Off The Wire
LME copper set for best quarter in nearly a decade
SINGAPORE, June 30 (Reuters) - London copper prices on Tuesday were on track for their best quarter in nearly a decade, on demand recovery in top consumer China, massive global stimulus and tight supplies.
Three-month copper on the London Metal Exchange (LME) rose 0.7% to $6,006 a tonne by 0708 GMT, up 21% on a quarterly basis, its best since the quarter ended September 2010.
The most-traded August copper contract on the Shanghai Futures Exchange (ShFE) ended up 0.9% to 48,790 yuan ($6,902.16) a tonne and was up 24.7% so far this quarter, its best since the last quarter of 2009.
Copper prices have been supported by hopes of stimulus, low inventories and a weaker U.S. dollar , making green-back denominated metals cheaper for buyers using other currencies.

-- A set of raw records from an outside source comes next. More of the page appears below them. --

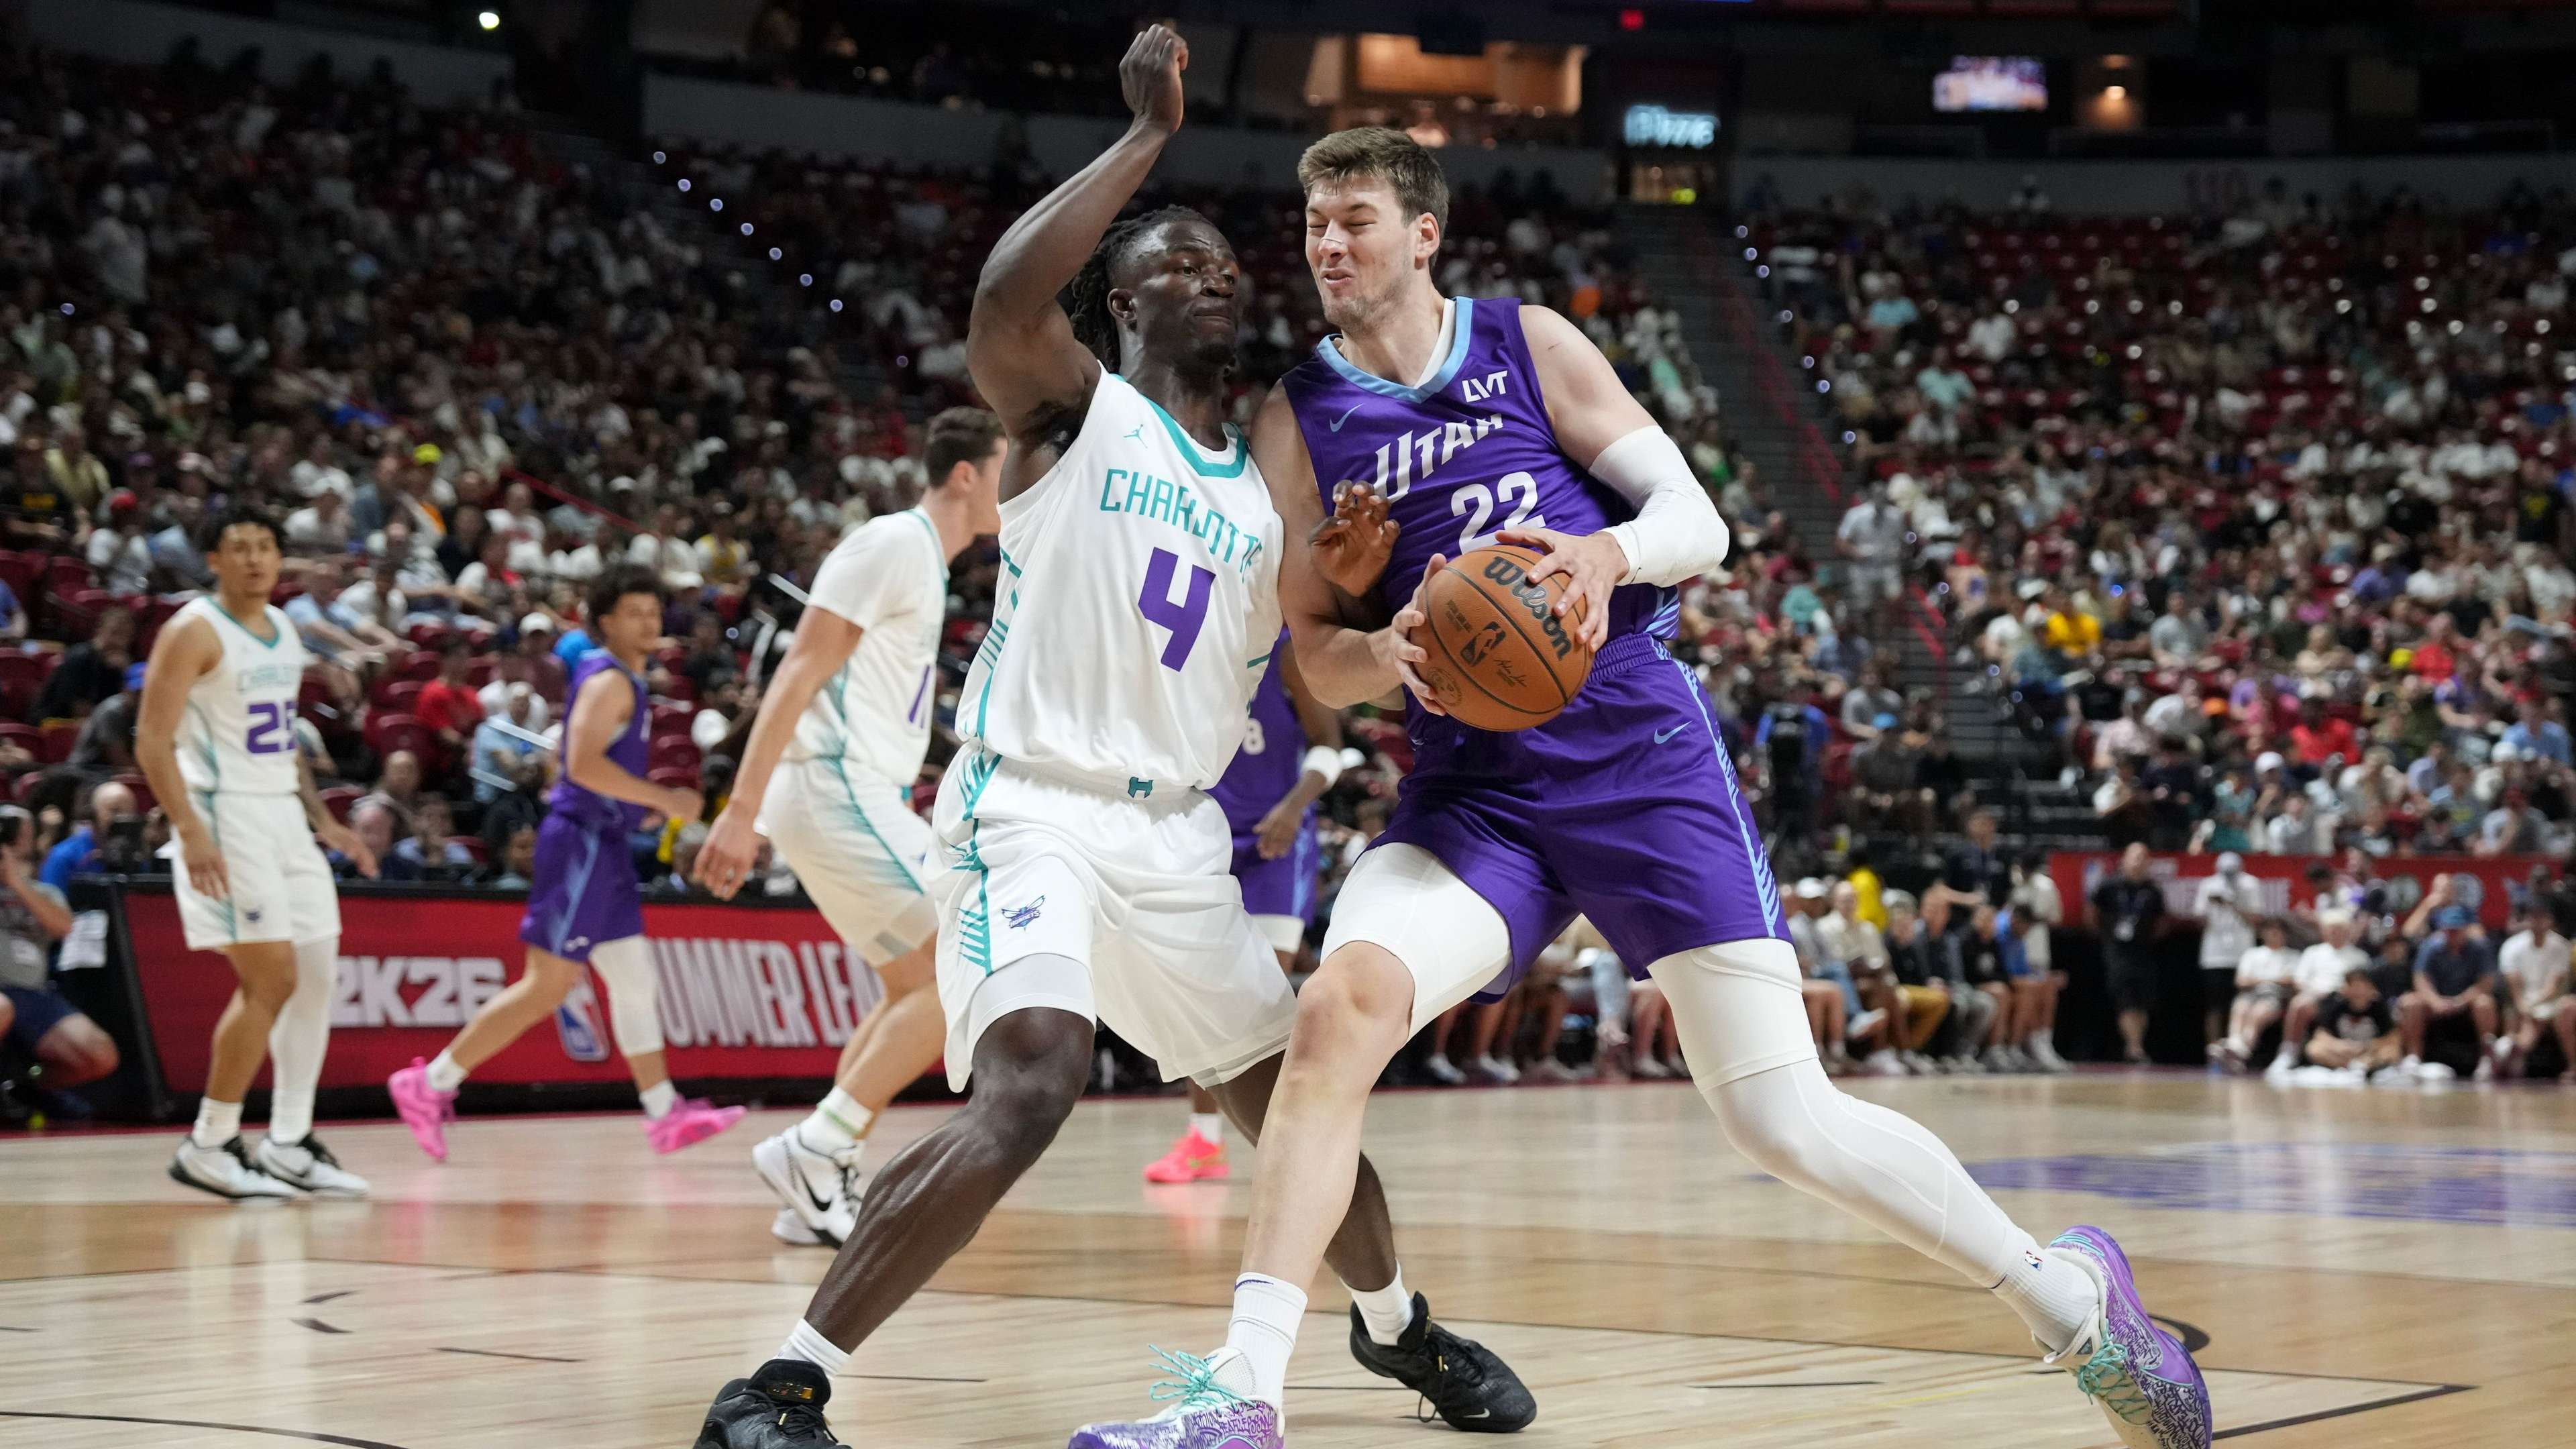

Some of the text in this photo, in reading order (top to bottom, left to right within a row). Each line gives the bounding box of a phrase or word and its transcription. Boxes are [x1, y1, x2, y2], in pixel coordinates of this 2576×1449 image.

[1462, 370, 1508, 402] LVT
[1451, 471, 1546, 555] 22
[1138, 546, 1217, 673] 4
[330, 955, 508, 1028] 2K26
[654, 938, 888, 1049] UMMER LEA

"As long as you see inventories stay low or dwindling, prices will go up," said a metals trader based in Singapore, adding that Commodity Trading Advisor funds were buying automatically at the $6,006 price level.

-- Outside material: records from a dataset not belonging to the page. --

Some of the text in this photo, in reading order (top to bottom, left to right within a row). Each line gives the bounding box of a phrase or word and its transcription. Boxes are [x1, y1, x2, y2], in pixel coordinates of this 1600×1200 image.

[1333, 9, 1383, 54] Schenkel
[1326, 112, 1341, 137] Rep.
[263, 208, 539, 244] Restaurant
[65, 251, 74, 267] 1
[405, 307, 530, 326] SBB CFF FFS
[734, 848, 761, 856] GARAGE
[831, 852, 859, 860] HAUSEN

Factory activity in China quickened faster in June, beating expectations, while the total new orders index also brightened, suggesting that domestic demand is picking up.
However, export orders continued to contract in June and factories cut jobs for the second time since they reopened, indicating that the COVID-19 crisis will drag on growth for some time.

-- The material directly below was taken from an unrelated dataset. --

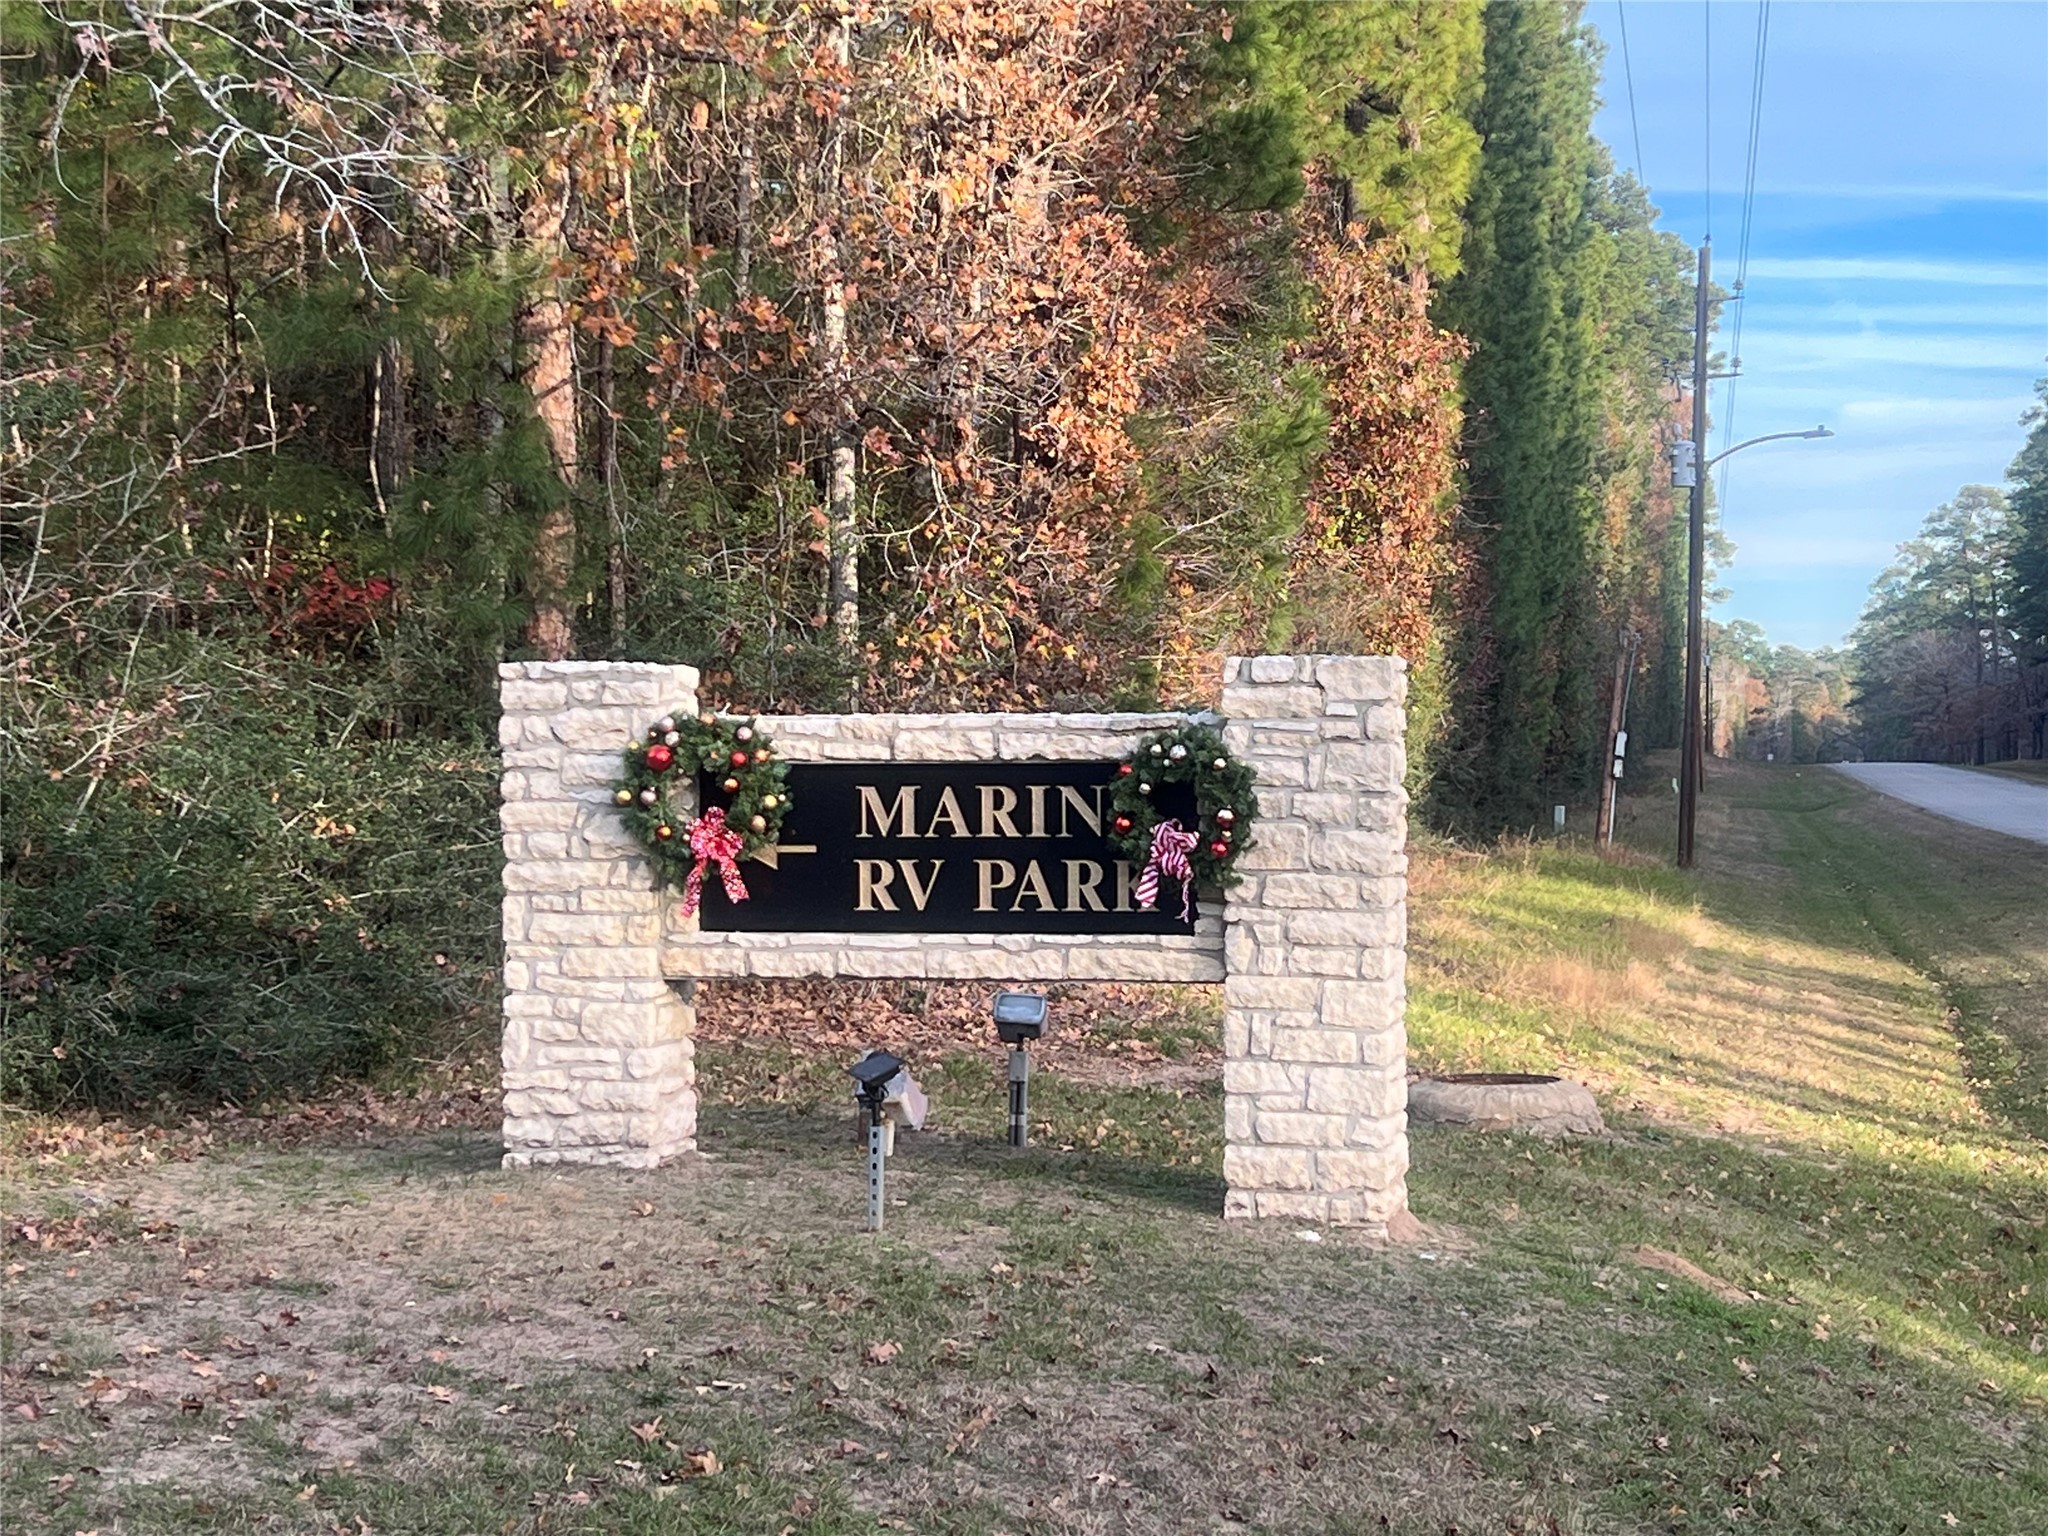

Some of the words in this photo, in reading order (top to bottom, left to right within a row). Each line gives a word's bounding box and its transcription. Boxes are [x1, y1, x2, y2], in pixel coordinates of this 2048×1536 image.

[854, 785, 1107, 838] MARIN
[853, 859, 943, 911] RV
[973, 859, 1161, 912] PARK

* OTHER METALS: LME aluminium rose 0.1% to $1,611 a tonne and nickel advanced 0.2% to $12,825 a tonne. In Shanghai, aluminium closed at its highest since Jan. 21 at 13,830 yuan a tonne and lead ended at a five-month high.
* TECHNICALS: Three-month LME copper may test a resistance level of $6,075 a tonne this week, a break above could open the way towards $6,343, said Reuters technical analyst Wang Tao.